The physical descriptions of the ship in the novel were eerily close to what Titanic would eventually become; including a capacity for 3,000 passengers and crew, the configuration of the masts and even the propellers. To some, Robertson was a visionary if not a prophet. The legend survives to this day because of those similarities.
It is not well-known beyond the committed because the similarities end there. And even the seeming connections are not all that fantastic to begin with; in 1898 large ships were attaining that configuration and size, Robertson merely imagined what the next steps might be. Further, the route through the North Atlantic was just common and icebergs a quite familiar hazard especially at night (both Titan and Titanic met their fate around midnight).
Thinking the novel some kind of wizardry on the part of Morgan Robertson is an example of the Texas Sharpshooter fallacy. In this specific case, observation has proved that view correct as Robertson does not ever again appear in the same visionary capacity.
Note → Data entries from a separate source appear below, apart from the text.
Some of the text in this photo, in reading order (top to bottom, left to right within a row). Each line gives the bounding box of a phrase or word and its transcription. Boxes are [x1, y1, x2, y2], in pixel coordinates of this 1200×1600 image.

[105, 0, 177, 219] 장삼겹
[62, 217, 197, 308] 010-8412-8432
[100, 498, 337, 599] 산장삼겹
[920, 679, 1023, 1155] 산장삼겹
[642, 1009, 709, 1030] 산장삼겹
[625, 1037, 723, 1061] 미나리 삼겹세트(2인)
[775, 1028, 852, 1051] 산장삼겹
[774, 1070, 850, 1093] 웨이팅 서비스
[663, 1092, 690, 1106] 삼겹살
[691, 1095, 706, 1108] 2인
The name of the fallacy is reportedly traced to epidemiologist Dr. Seymour Grufferman in debunking cancer clusters. There are various versions of the story, but one of the earliest appeared in a newspaper in Arizona in October 1982:
I once read a story of an army sharpshooter who visited a small town. He was amazed to find targets drawn on trees, walls, fences and barns. Even more fascinating was the fact that each target had a bullet hole in the exact center of its bull's eye.
Inquiring about this, he had the honor of meeting the remarkable marksman. “I've never seen anything like this in my entire career,” said the Army man. “It's incredible!
How did you do it?”
“Easy as pie,” replied the local rifleman. “I shoot first and draw the circles afterwards.”
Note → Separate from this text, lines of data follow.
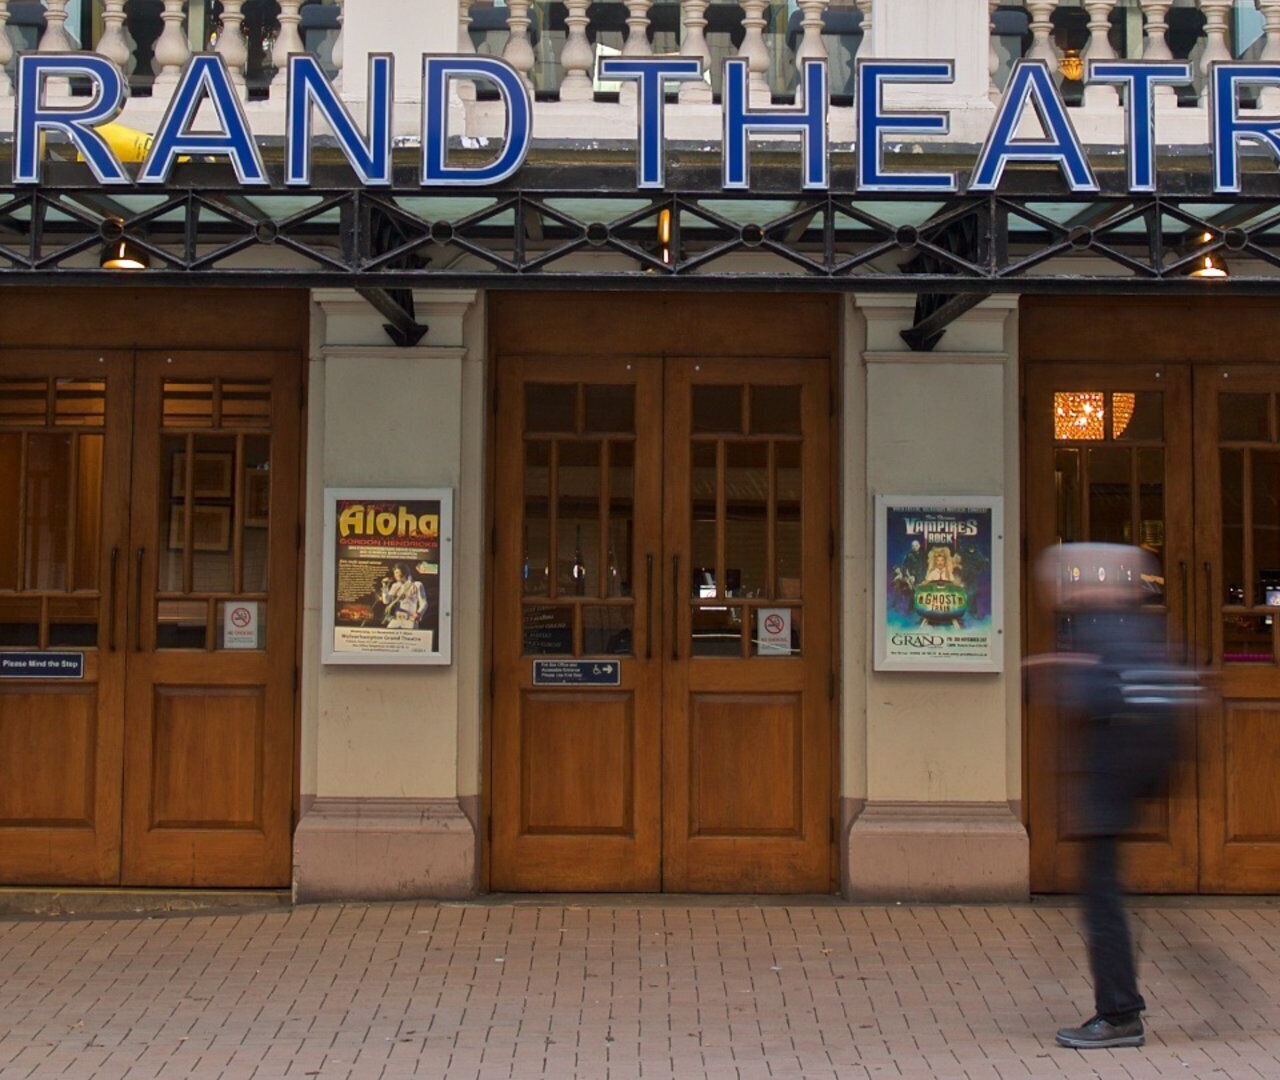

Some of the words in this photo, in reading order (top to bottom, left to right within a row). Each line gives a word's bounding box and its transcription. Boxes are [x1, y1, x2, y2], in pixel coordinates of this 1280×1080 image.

[339, 504, 439, 537] Aloha
[905, 517, 978, 539] VAMPIRES
[340, 538, 381, 546] GORDON
[383, 539, 438, 548] HENDRICKS
[928, 532, 954, 544] ROCK
[925, 593, 957, 605] GHOST
[891, 635, 945, 648] GRAND
[2, 659, 28, 668] Please
[28, 660, 47, 668] Mind
[47, 660, 60, 668] the
[61, 660, 78, 669] Step
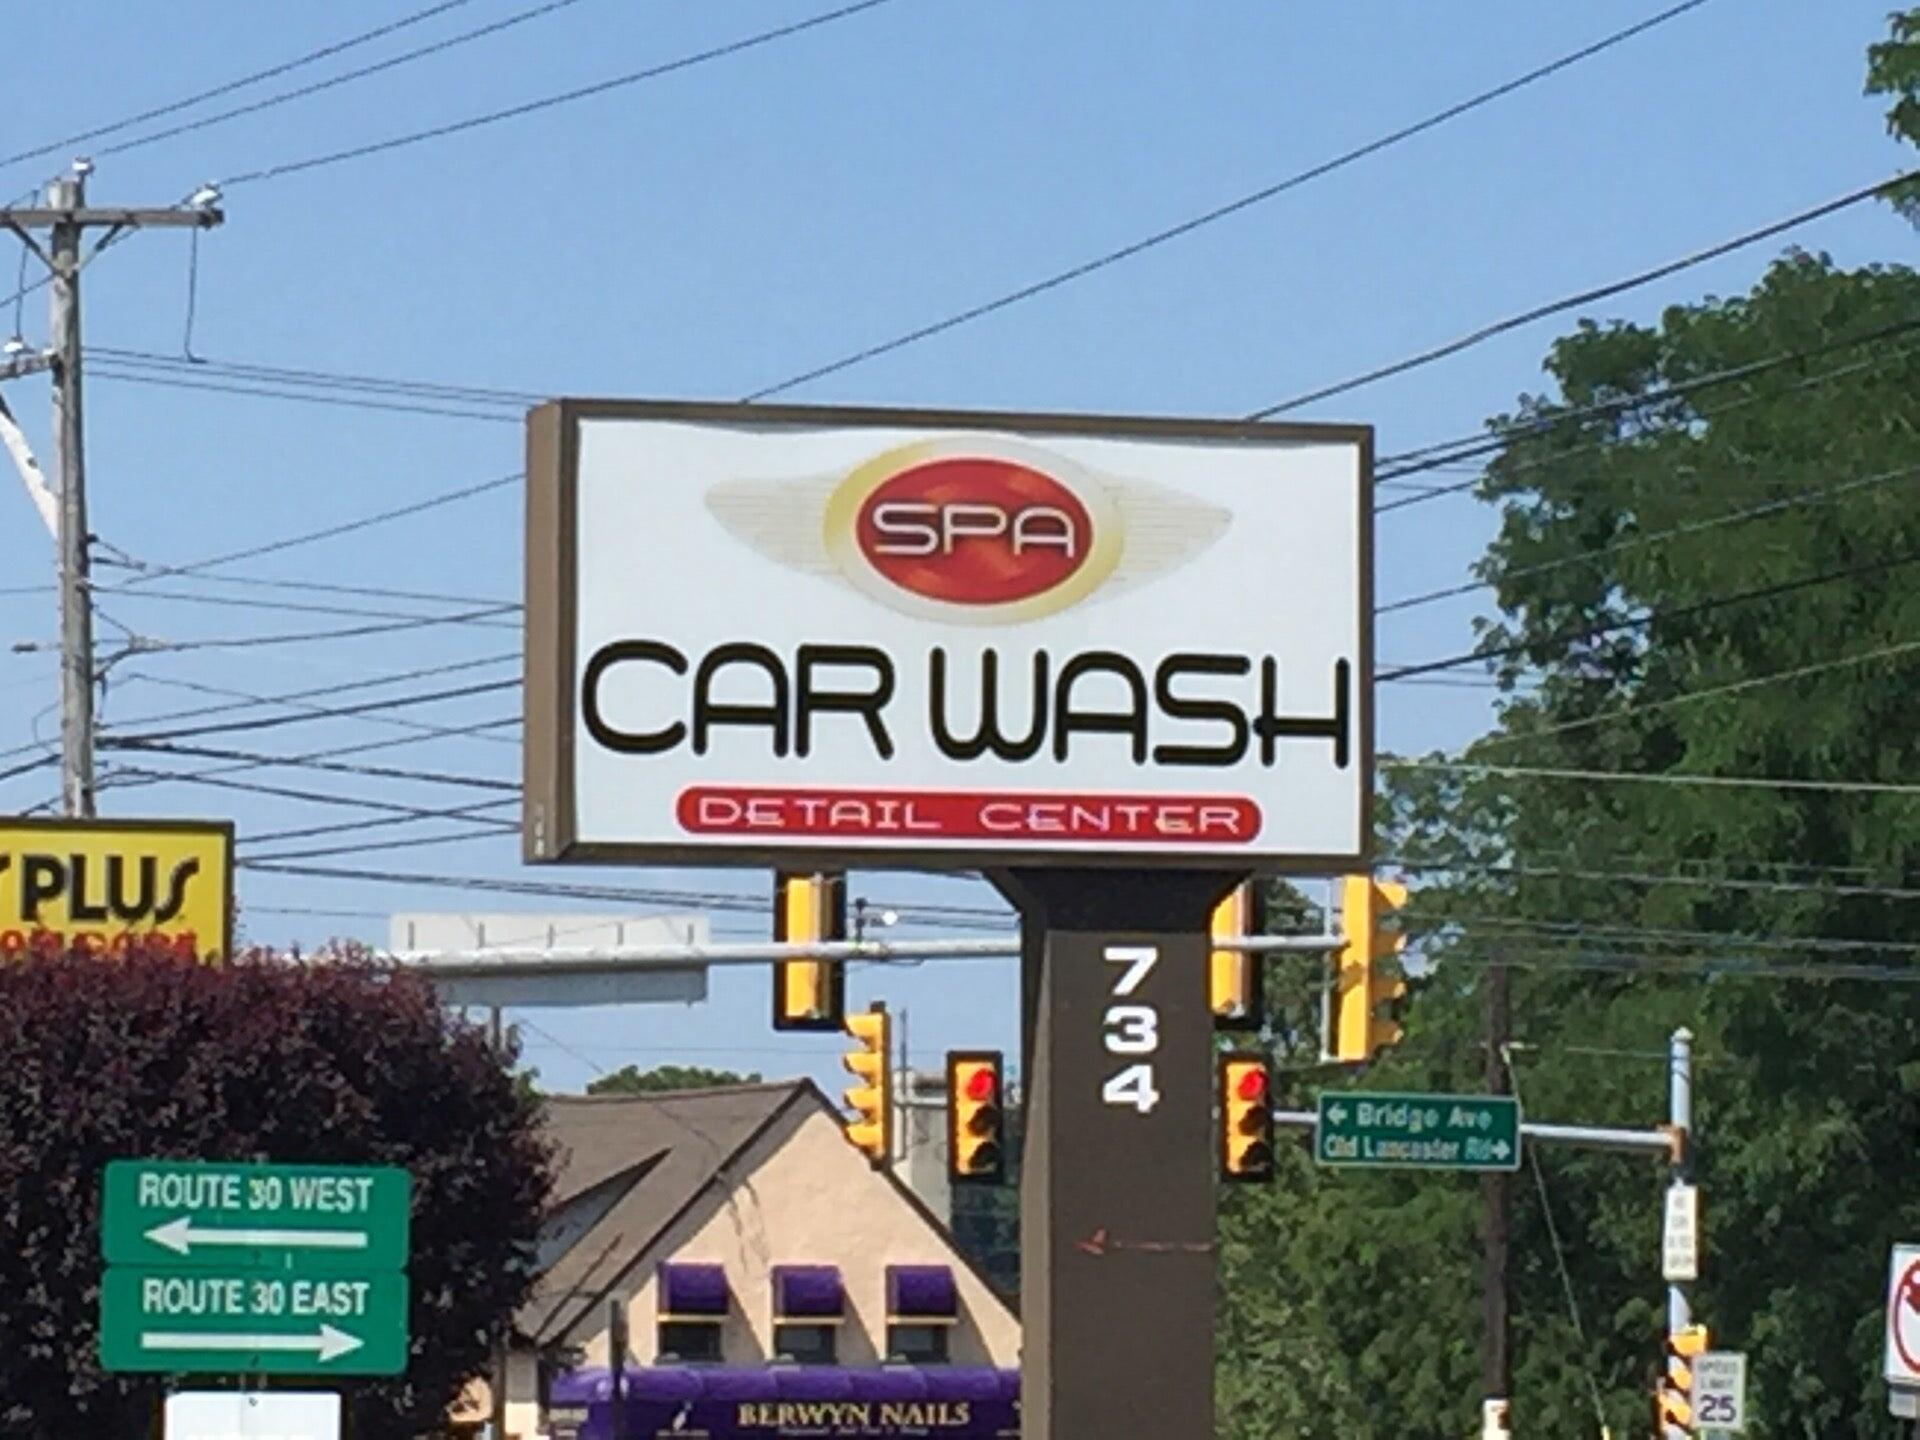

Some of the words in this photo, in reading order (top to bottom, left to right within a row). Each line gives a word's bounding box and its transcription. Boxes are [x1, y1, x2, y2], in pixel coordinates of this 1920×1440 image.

[871, 502, 1076, 559] SPA
[581, 638, 894, 759] CAR
[929, 647, 1351, 769] WASH
[697, 797, 942, 832] DETAIL
[978, 801, 1241, 835] CENTER
[20, 853, 201, 924] PLUS
[1356, 1102, 1440, 1133] Bridge
[1448, 1105, 1493, 1129] Ave
[1324, 1133, 1358, 1158] Old
[1362, 1134, 1460, 1160] Lancaster
[1465, 1136, 1493, 1160] Rd
[138, 1172, 242, 1209] ROUTE
[248, 1176, 282, 1210] 30
[290, 1176, 373, 1213] WEST
[142, 1277, 245, 1314] ROUTE
[251, 1280, 285, 1315] 30
[291, 1281, 370, 1316] EAST
[737, 1402, 872, 1426] BERWYN
[879, 1402, 971, 1426] NAILS
[1699, 1394, 1737, 1422] 25
Other versions, applied with Texas as the location, tell of some unknown gunman spraying the side of a barn with shotgun blasts and then drawing a bull's eye around the greatest cluster, declaring himself a sharpshooter. In terms of statistics or even just scientific observation, the idea is the observer only taking account those data points that “fit” a predetermined narrative while ignoring or discarding all the misses (usually as “random”).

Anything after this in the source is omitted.